[[ TASK INPUT, beginning ]]

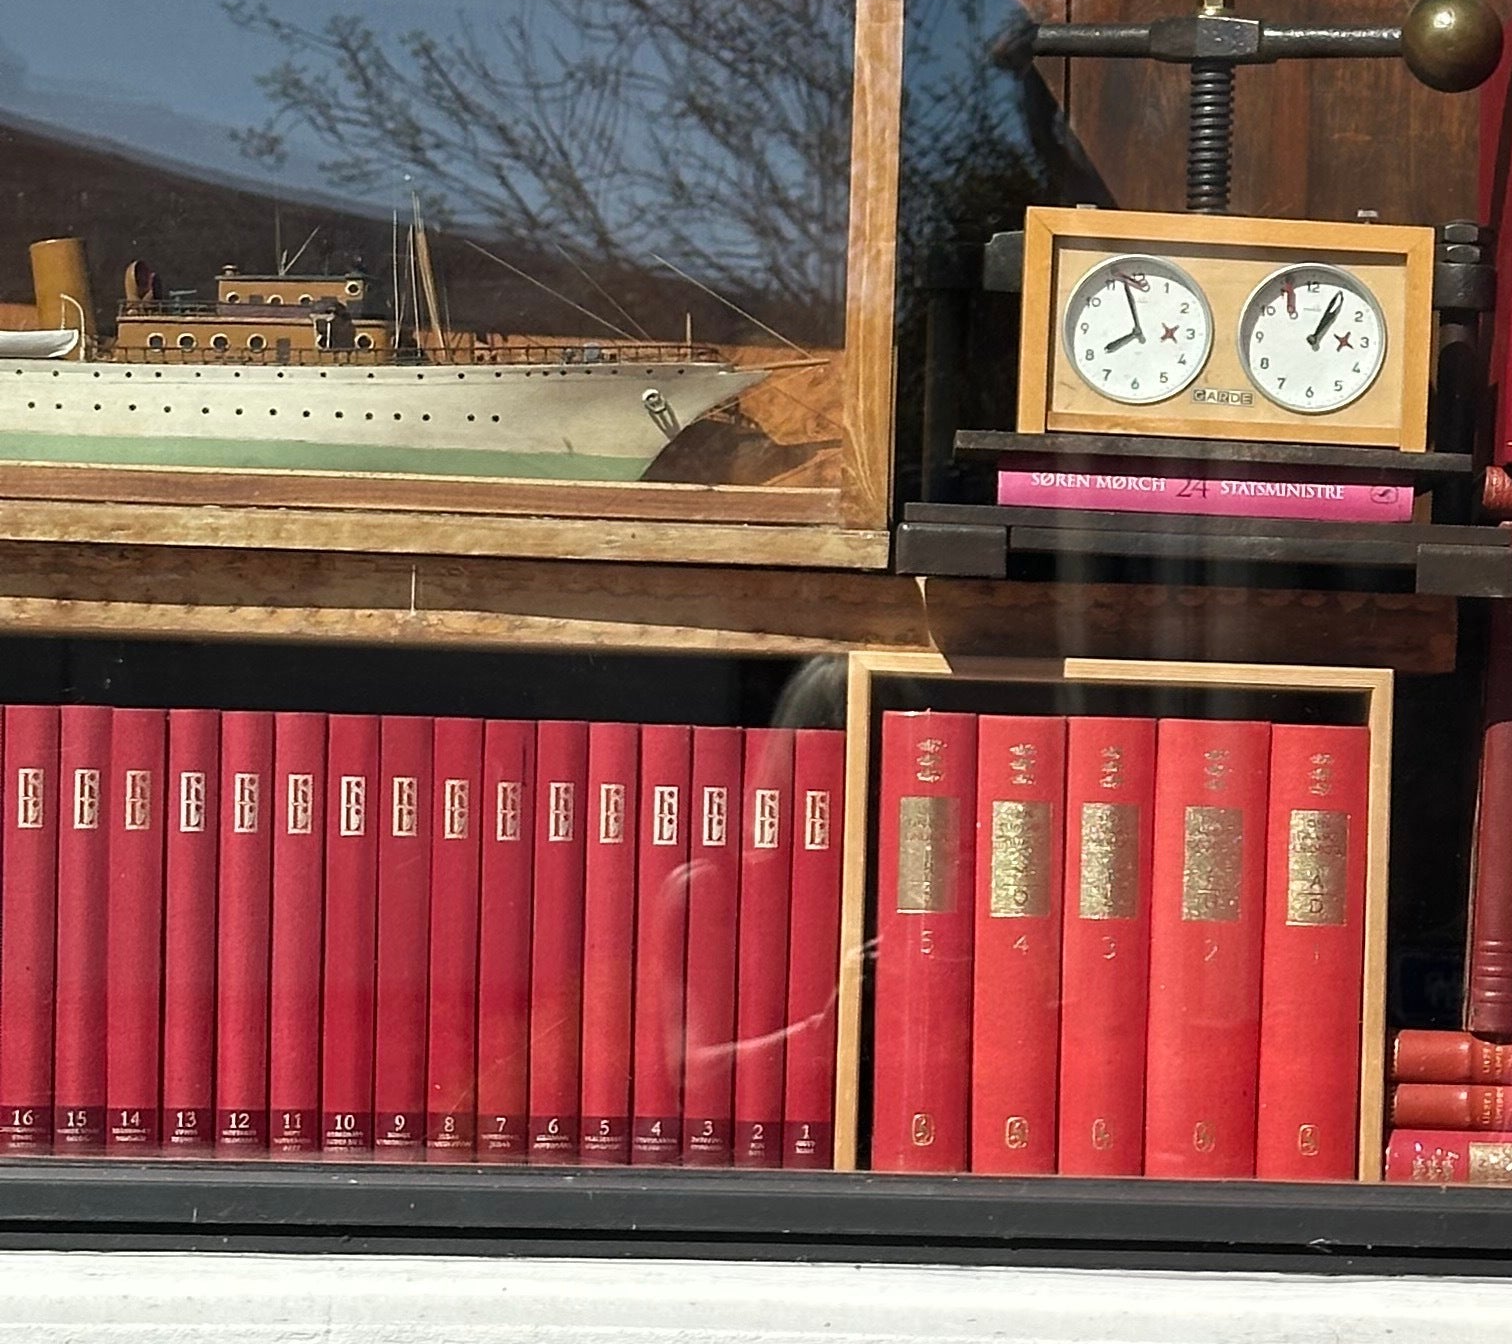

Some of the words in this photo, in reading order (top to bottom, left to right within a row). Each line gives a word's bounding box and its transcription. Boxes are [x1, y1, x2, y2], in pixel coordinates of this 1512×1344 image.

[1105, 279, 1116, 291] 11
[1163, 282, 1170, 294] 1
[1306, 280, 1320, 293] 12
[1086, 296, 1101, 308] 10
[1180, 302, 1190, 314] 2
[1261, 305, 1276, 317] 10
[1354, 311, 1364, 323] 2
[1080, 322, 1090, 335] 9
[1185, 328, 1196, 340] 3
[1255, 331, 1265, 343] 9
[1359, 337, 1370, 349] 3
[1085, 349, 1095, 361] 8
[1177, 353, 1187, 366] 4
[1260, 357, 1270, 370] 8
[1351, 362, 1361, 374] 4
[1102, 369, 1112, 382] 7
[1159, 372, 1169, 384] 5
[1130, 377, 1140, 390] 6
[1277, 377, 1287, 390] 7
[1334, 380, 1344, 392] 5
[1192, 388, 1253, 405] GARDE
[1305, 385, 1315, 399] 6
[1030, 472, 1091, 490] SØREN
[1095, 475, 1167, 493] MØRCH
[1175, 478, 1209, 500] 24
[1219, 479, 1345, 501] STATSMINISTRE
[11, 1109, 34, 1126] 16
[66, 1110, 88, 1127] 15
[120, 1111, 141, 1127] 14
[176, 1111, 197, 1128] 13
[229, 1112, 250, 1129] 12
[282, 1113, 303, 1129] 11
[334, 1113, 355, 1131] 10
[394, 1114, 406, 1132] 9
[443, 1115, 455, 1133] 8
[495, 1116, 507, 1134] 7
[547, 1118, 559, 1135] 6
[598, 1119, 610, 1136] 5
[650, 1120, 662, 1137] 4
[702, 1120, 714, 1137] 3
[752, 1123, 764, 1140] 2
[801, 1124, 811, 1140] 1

[[ TASK INPUT, end ]]

The answer must be the entries above, printed exactly, with no pictures.

YOUR SOLUTION:
Some of the words in this photo, in reading order (top to bottom, left to right within a row). Each line gives a word's bounding box and its transcription. Boxes are [x1, y1, x2, y2], in pixel coordinates of this 1512×1344 image.

[1105, 279, 1116, 291] 11
[1163, 282, 1170, 294] 1
[1306, 280, 1320, 293] 12
[1086, 296, 1101, 308] 10
[1180, 302, 1190, 314] 2
[1261, 305, 1276, 317] 10
[1354, 311, 1364, 323] 2
[1080, 322, 1090, 335] 9
[1185, 328, 1196, 340] 3
[1255, 331, 1265, 343] 9
[1359, 337, 1370, 349] 3
[1085, 349, 1095, 361] 8
[1177, 353, 1187, 366] 4
[1260, 357, 1270, 370] 8
[1351, 362, 1361, 374] 4
[1102, 369, 1112, 382] 7
[1159, 372, 1169, 384] 5
[1130, 377, 1140, 390] 6
[1277, 377, 1287, 390] 7
[1334, 380, 1344, 392] 5
[1192, 388, 1253, 405] GARDE
[1305, 385, 1315, 399] 6
[1030, 472, 1091, 490] SØREN
[1095, 475, 1167, 493] MØRCH
[1175, 478, 1209, 500] 24
[1219, 479, 1345, 501] STATSMINISTRE
[11, 1109, 34, 1126] 16
[66, 1110, 88, 1127] 15
[120, 1111, 141, 1127] 14
[176, 1111, 197, 1128] 13
[229, 1112, 250, 1129] 12
[282, 1113, 303, 1129] 11
[334, 1113, 355, 1131] 10
[394, 1114, 406, 1132] 9
[443, 1115, 455, 1133] 8
[495, 1116, 507, 1134] 7
[547, 1118, 559, 1135] 6
[598, 1119, 610, 1136] 5
[650, 1120, 662, 1137] 4
[702, 1120, 714, 1137] 3
[752, 1123, 764, 1140] 2
[801, 1124, 811, 1140] 1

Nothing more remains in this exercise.